== Problem requirements ==
When you retype the entries, keep each one exact and leave out the pictures.

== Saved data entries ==
☆ ☆ ☆ ☆

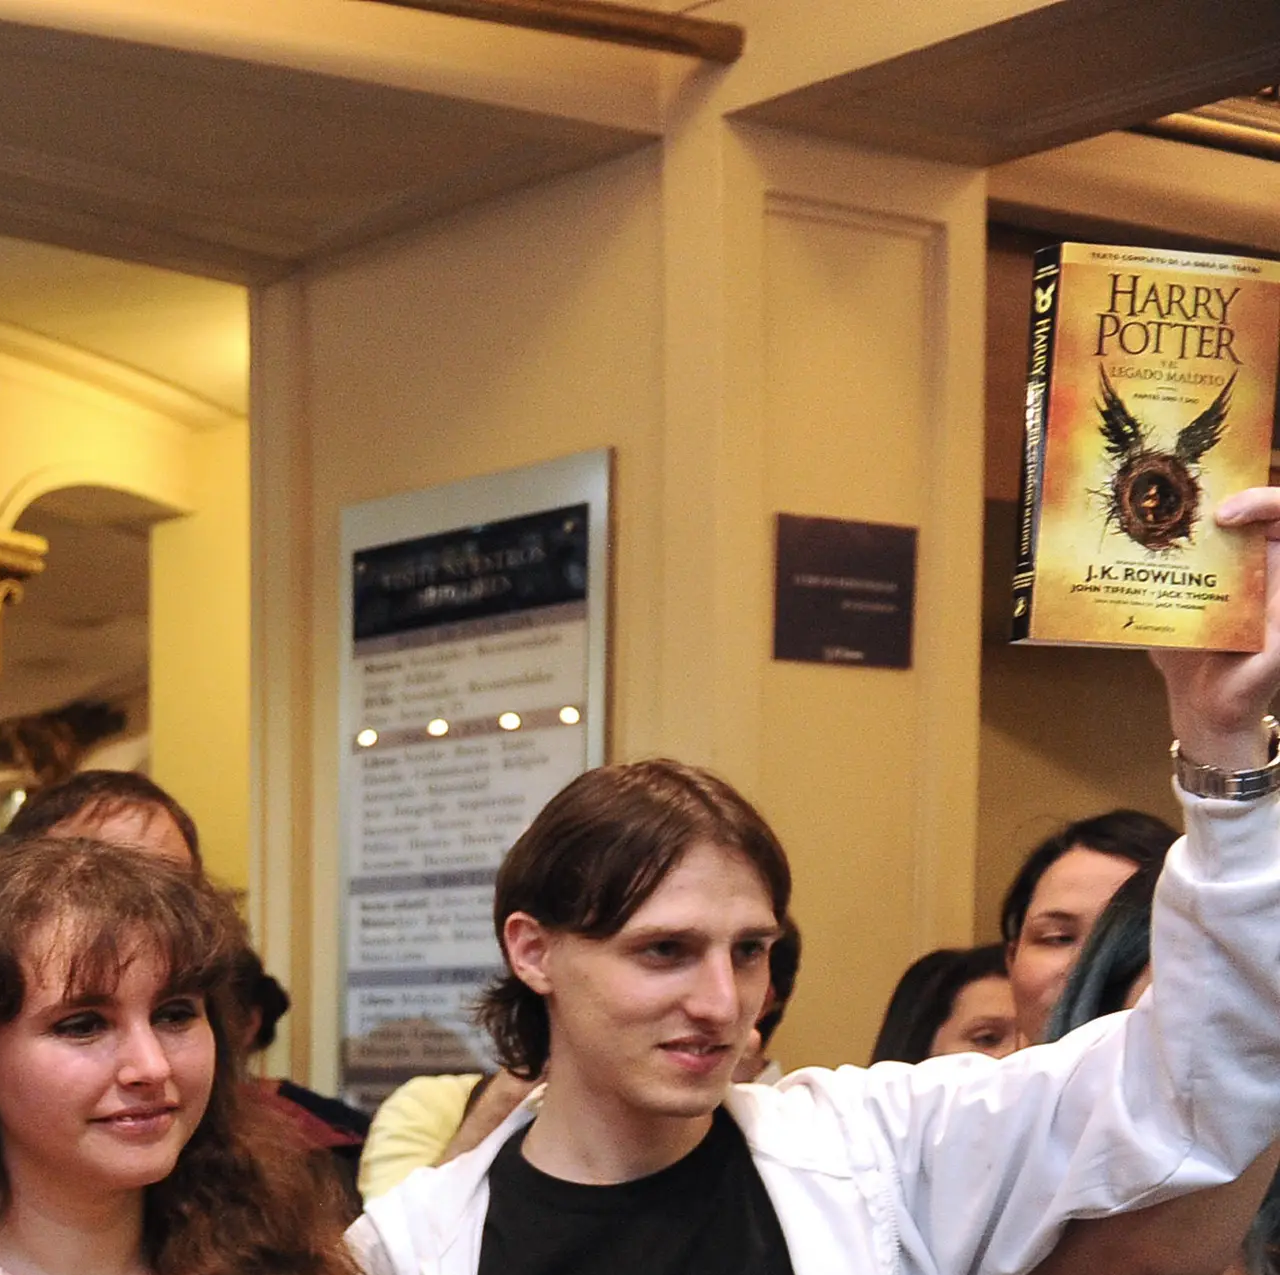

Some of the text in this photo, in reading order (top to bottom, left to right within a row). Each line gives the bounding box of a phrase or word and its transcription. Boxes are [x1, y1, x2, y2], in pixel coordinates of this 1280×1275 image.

[1108, 272, 1243, 325] HARRY
[1092, 312, 1244, 366] POTTER
[1111, 366, 1226, 387] LEGADO MALDITO
[1123, 568, 1217, 588] ROWLING
[1070, 584, 1231, 602] JOHN TIFFANY JACK THORNE
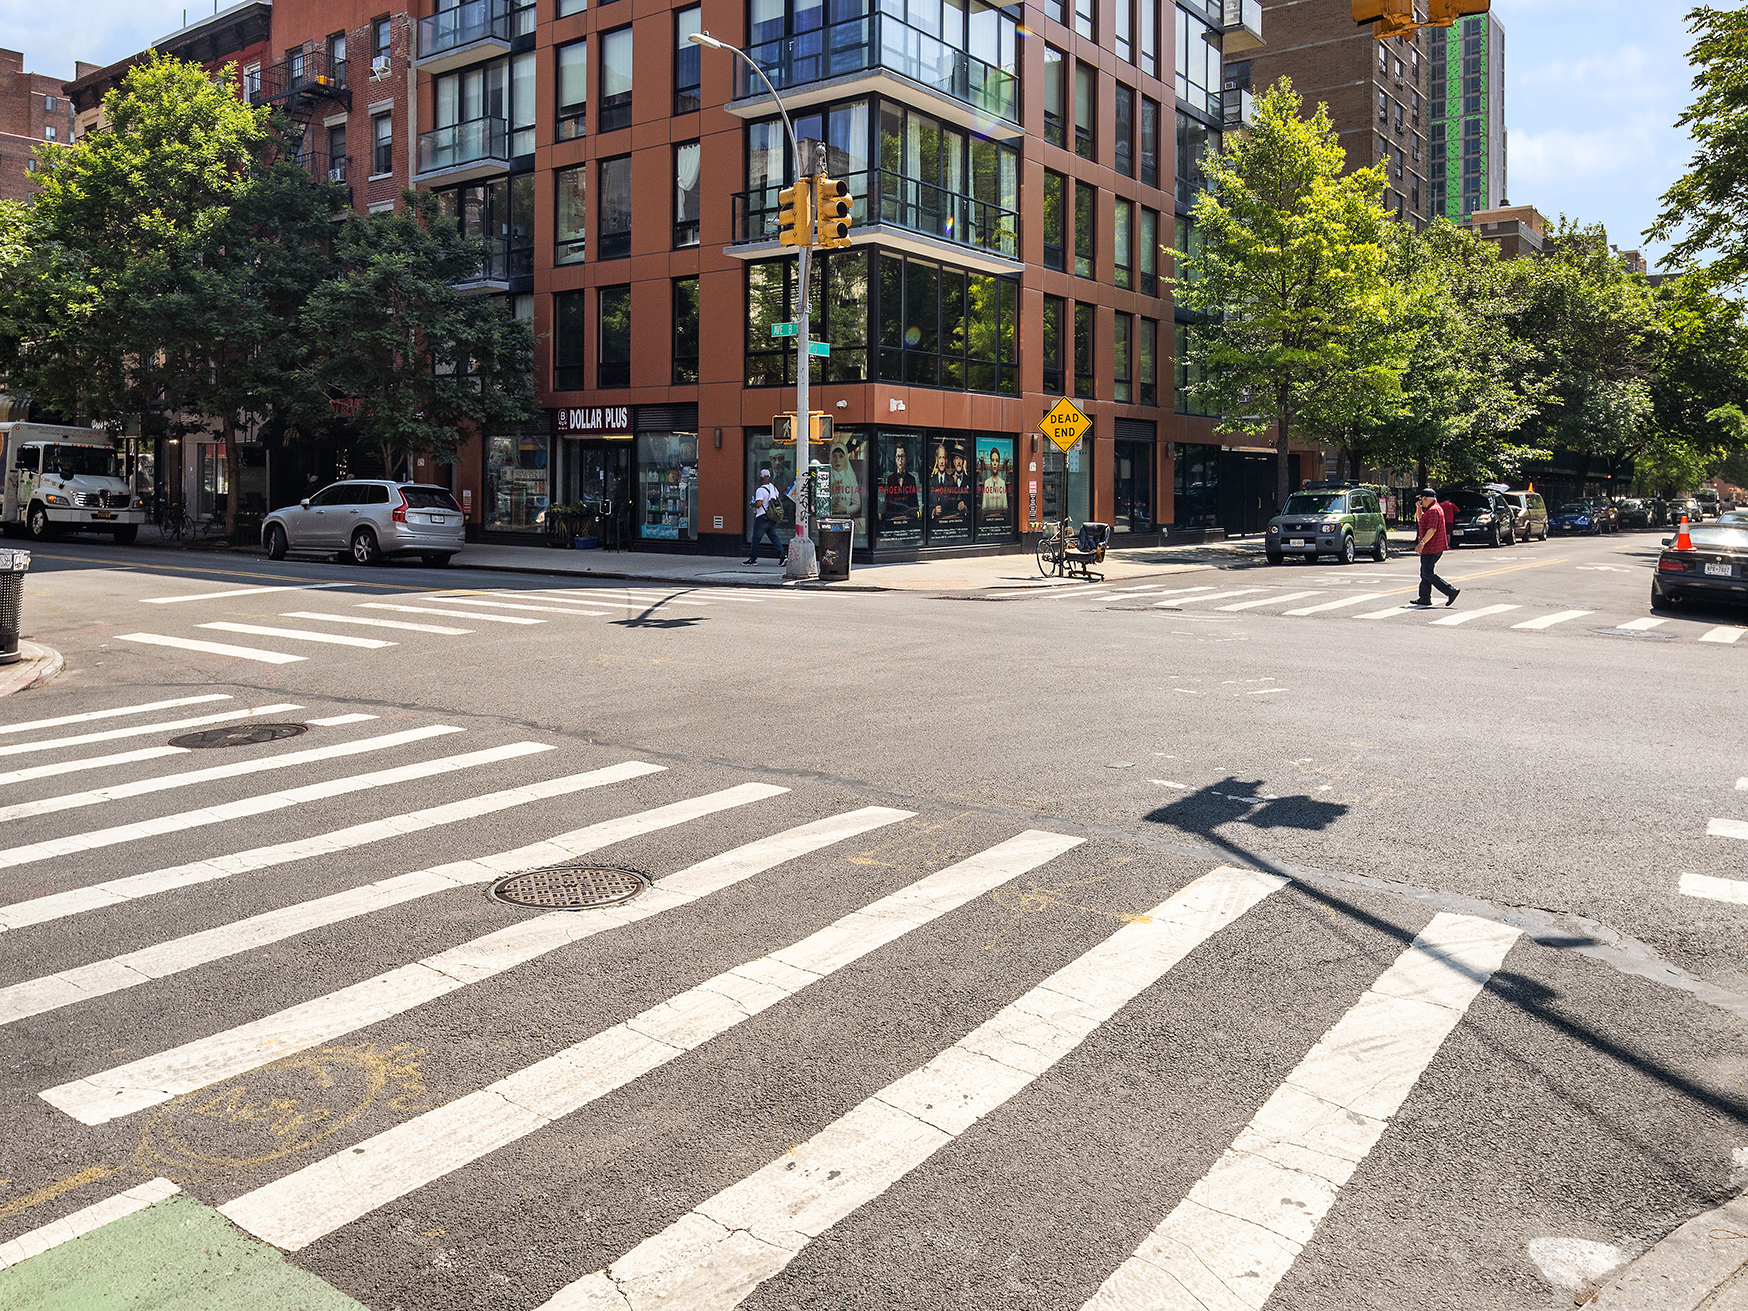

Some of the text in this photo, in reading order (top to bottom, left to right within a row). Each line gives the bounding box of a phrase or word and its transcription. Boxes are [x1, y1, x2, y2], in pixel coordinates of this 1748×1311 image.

[774, 324, 793, 335] AVE B
[569, 407, 628, 429] DOLLAR PLUS
[1050, 413, 1079, 424] DEAD
[1054, 427, 1075, 437] END
[879, 485, 921, 494] PHOENICIAN
[930, 486, 969, 495] PHOENICIAN
[977, 486, 1012, 494] PHOENICIAN
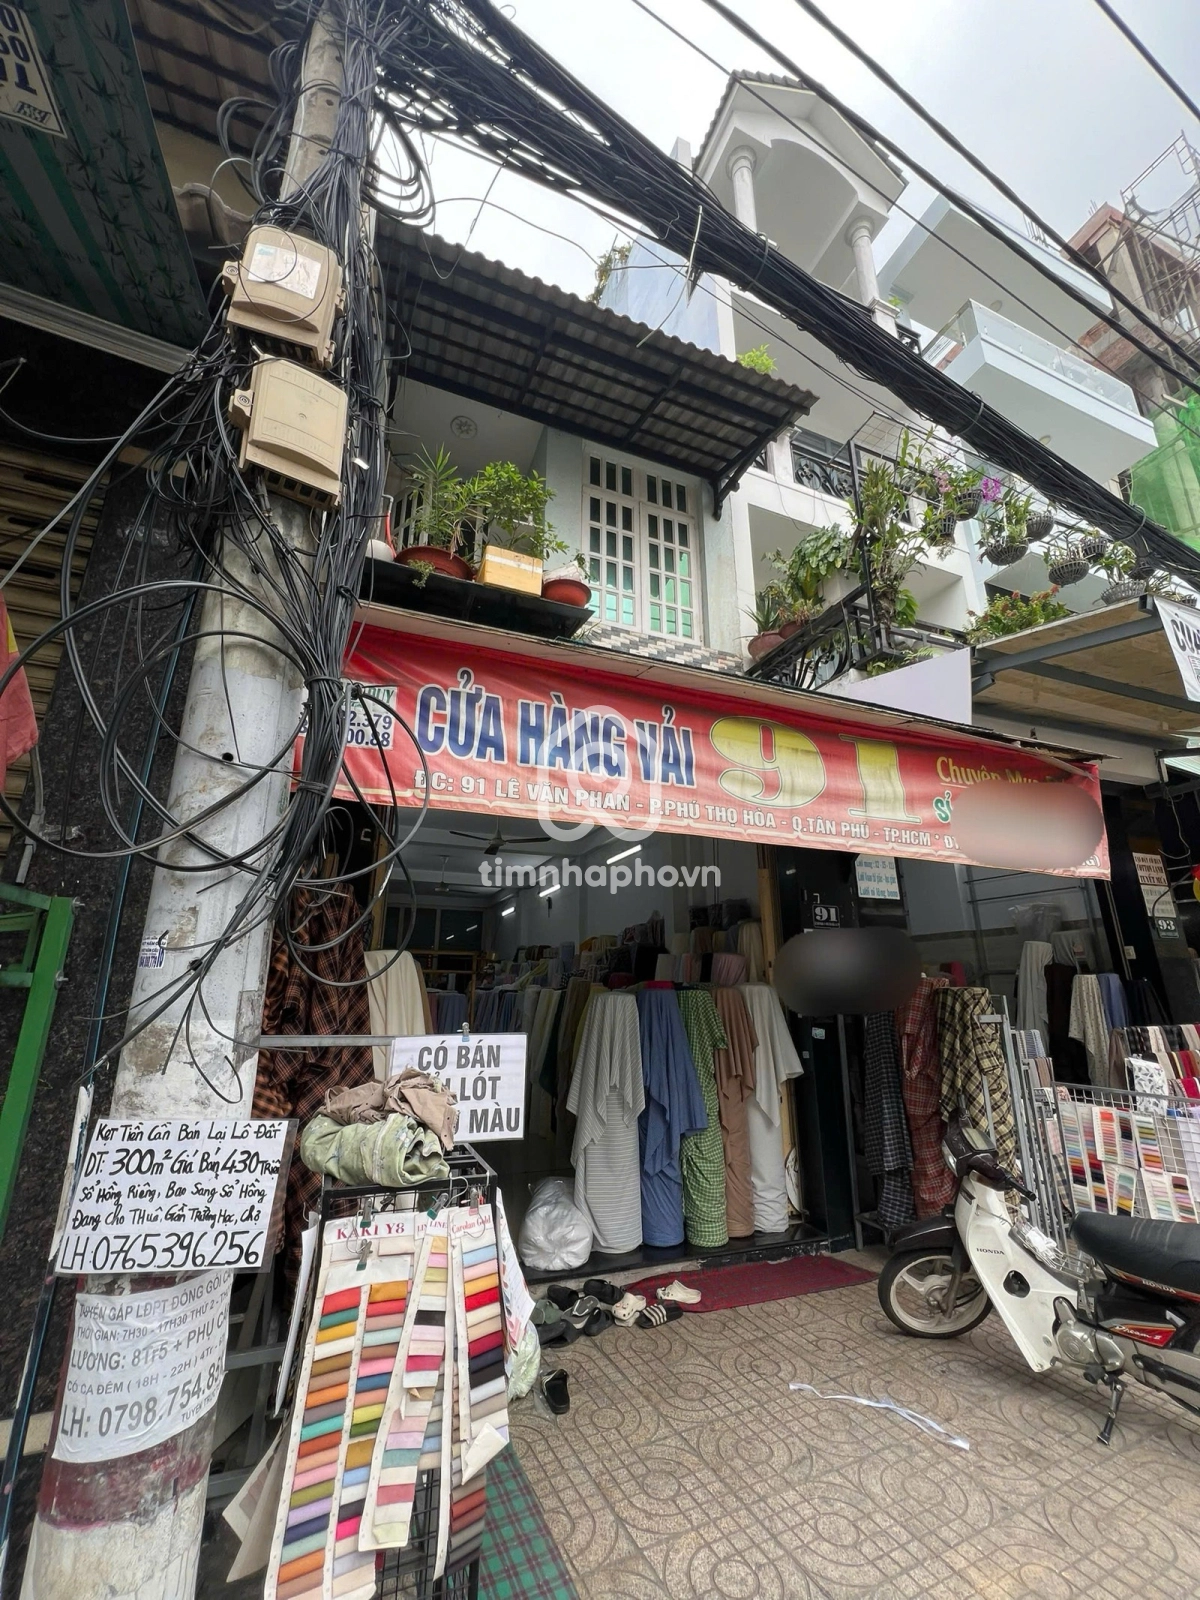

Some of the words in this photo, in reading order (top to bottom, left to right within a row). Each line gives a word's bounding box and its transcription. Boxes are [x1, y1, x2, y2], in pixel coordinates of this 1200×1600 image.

[415, 667, 507, 764] CỬA
[517, 692, 629, 779] HÀNG
[633, 705, 697, 788] VẢI
[709, 715, 922, 825] 91
[414, 769, 455, 792] ĐC:
[461, 776, 486, 795] 91
[495, 778, 520, 799] LÊ
[527, 780, 569, 806] VĂN
[575, 789, 631, 813] PHAN
[649, 798, 701, 820] P.PHÚ
[705, 804, 737, 827] THỌ
[742, 802, 777, 829] HÒA
[792, 815, 837, 837] Q.TÂN
[840, 819, 871, 840] PHÚ
[884, 827, 932, 847] TP.HCM
[815, 906, 837, 922] 91
[1158, 920, 1176, 931] 93
[417, 1040, 449, 1071] CÓ
[456, 1039, 501, 1069] BÁN
[459, 1070, 502, 1101] LÓT
[468, 1102, 520, 1134] MÀU
[386, 1222, 405, 1235] Y8
[976, 1247, 1005, 1255] HONDA
[61, 1405, 91, 1438] LH:
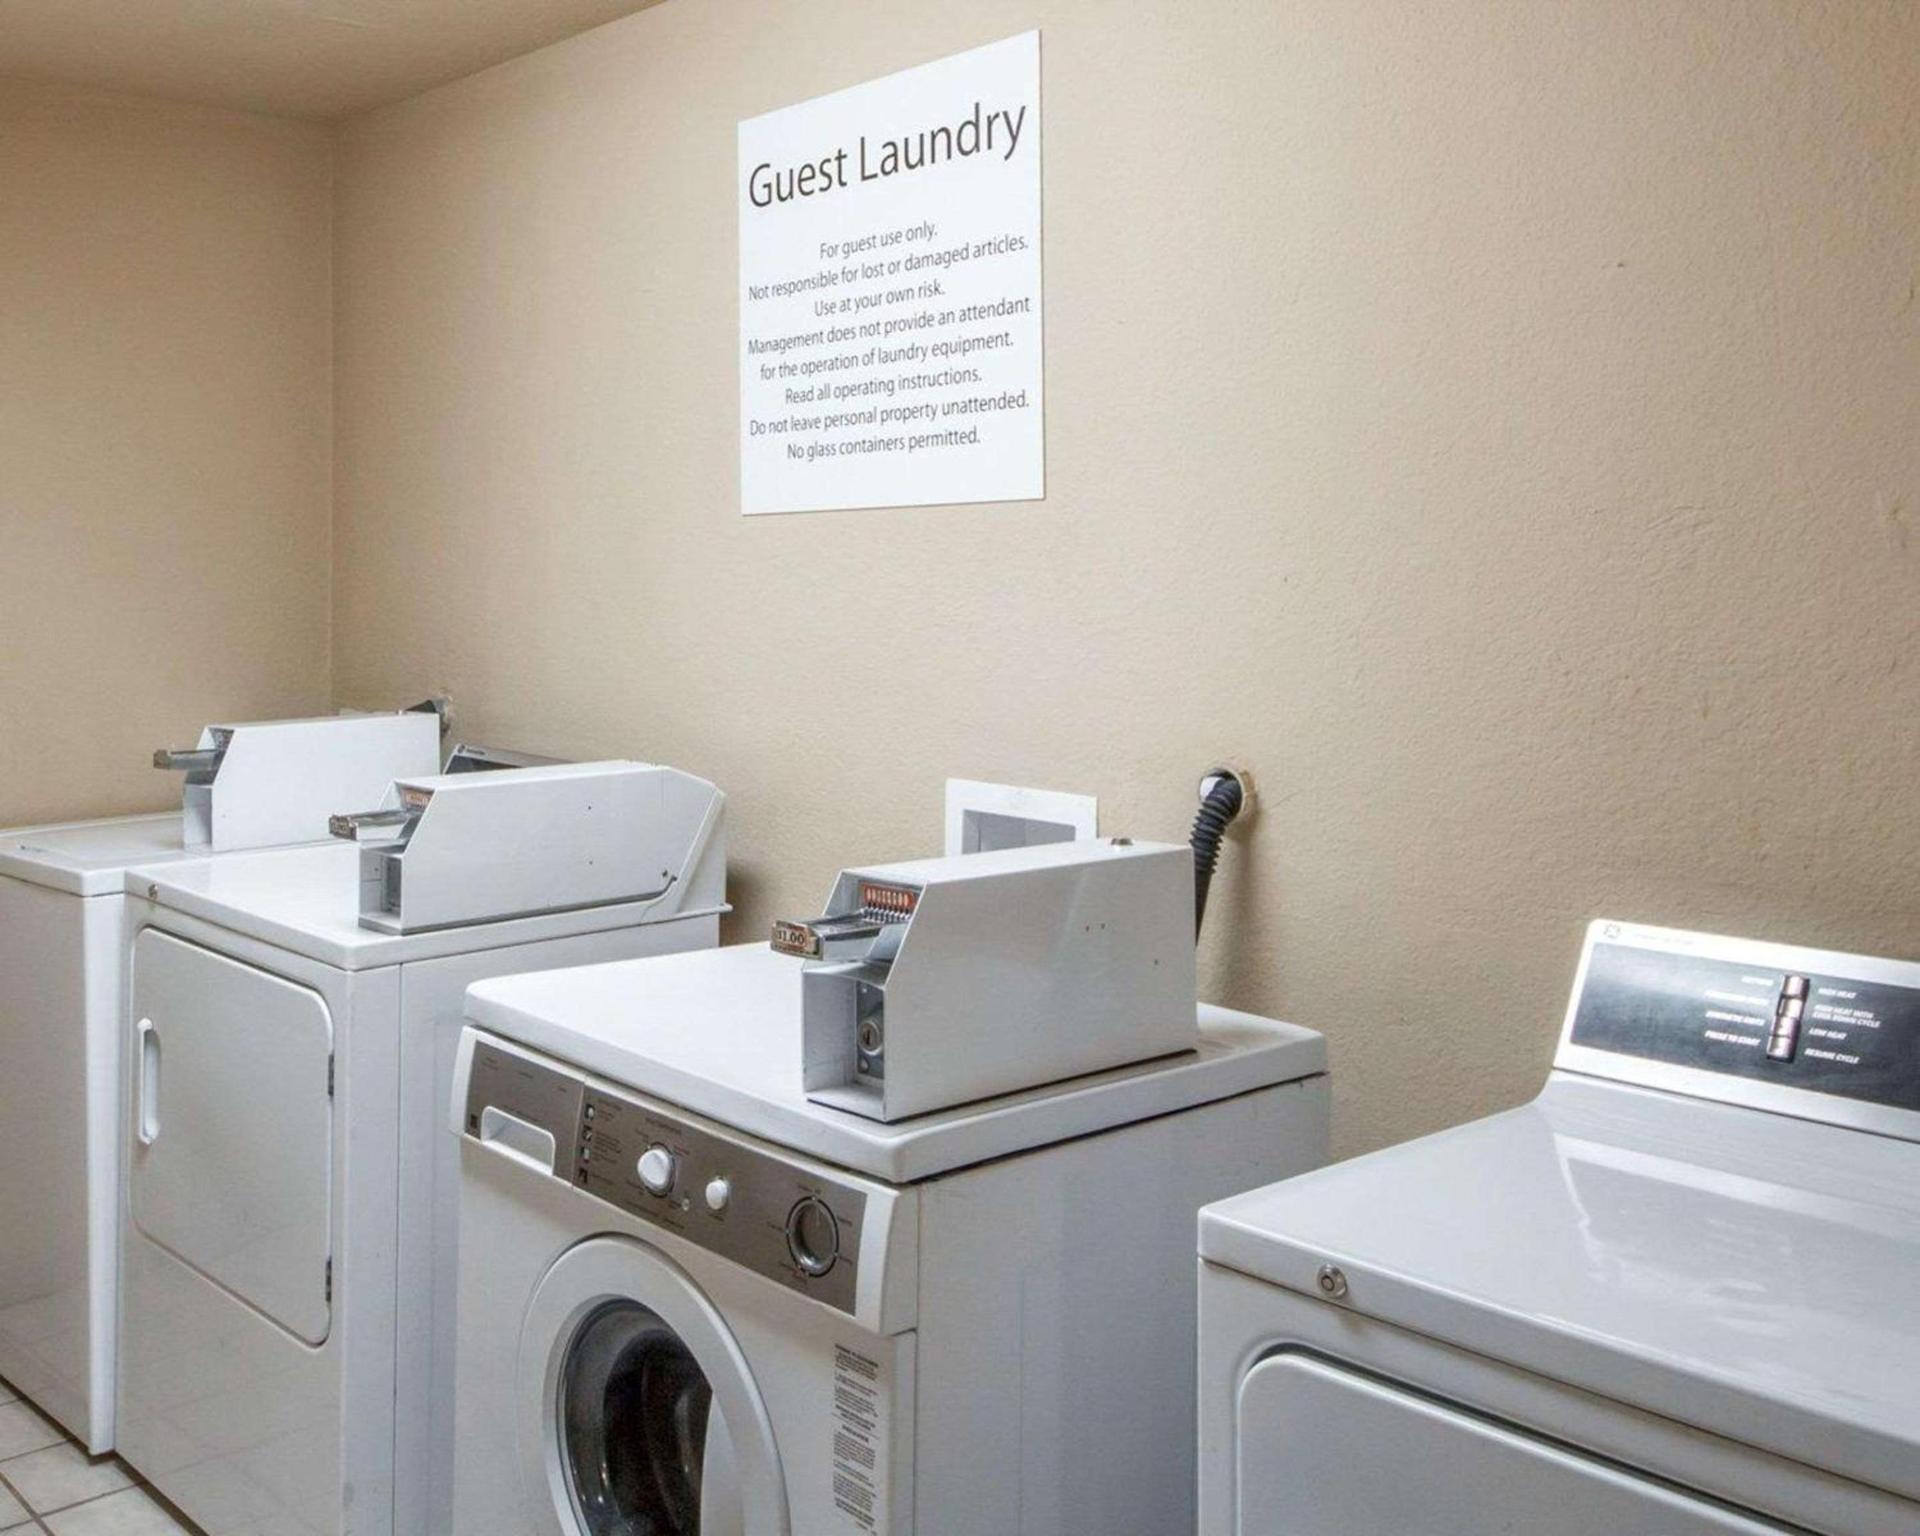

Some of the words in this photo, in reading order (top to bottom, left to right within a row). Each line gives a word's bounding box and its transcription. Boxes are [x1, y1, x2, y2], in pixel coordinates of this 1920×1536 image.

☆ ☆ ☆ ☆

== Exercise solution ==
Some of the text in this photo, in reading order (top to bottom, left to right within a row). Each line gives the bounding box of a phrase or word and its transcription. Boxes are [x1, y1, x2, y2], in pixel coordinates of this 1280×1275 image.

[1108, 272, 1243, 325] HARRY
[1092, 312, 1244, 366] POTTER
[1111, 366, 1226, 387] LEGADO MALDITO
[1123, 568, 1217, 588] ROWLING
[1070, 584, 1231, 602] JOHN TIFFANY JACK THORNE

Some of the text in this photo, in reading order (top to bottom, left to right within a row). Each line gives the bounding box of a phrase or word and its transcription. Boxes are [x1, y1, x2, y2], in pixel coordinates of this 1748×1311 image.

[774, 324, 793, 335] AVE B
[569, 407, 628, 429] DOLLAR PLUS
[1050, 413, 1079, 424] DEAD
[1054, 427, 1075, 437] END
[879, 485, 921, 494] PHOENICIAN
[930, 486, 969, 495] PHOENICIAN
[977, 486, 1012, 494] PHOENICIAN

Some of the words in this photo, in reading order (top to bottom, left to right within a row). Each line gives a word's bounding box and its transcription. Boxes are [x1, y1, x2, y2], in pixel coordinates of this 1200×1600 image.

[415, 667, 507, 764] CỬA
[517, 692, 629, 779] HÀNG
[633, 705, 697, 788] VẢI
[709, 715, 922, 825] 91
[414, 769, 455, 792] ĐC:
[461, 776, 486, 795] 91
[495, 778, 520, 799] LÊ
[527, 780, 569, 806] VĂN
[575, 789, 631, 813] PHAN
[649, 798, 701, 820] P.PHÚ
[705, 804, 737, 827] THỌ
[742, 802, 777, 829] HÒA
[792, 815, 837, 837] Q.TÂN
[840, 819, 871, 840] PHÚ
[884, 827, 932, 847] TP.HCM
[815, 906, 837, 922] 91
[1158, 920, 1176, 931] 93
[417, 1040, 449, 1071] CÓ
[456, 1039, 501, 1069] BÁN
[459, 1070, 502, 1101] LÓT
[468, 1102, 520, 1134] MÀU
[386, 1222, 405, 1235] Y8
[976, 1247, 1005, 1255] HONDA
[61, 1405, 91, 1438] LH:

Some of the words in this photo, in reading order (top to bottom, left to right within a row). Each line gives a word's bounding box and its transcription. Boxes are [x1, y1, x2, y2], in pixel coordinates of this 1920×1536 image.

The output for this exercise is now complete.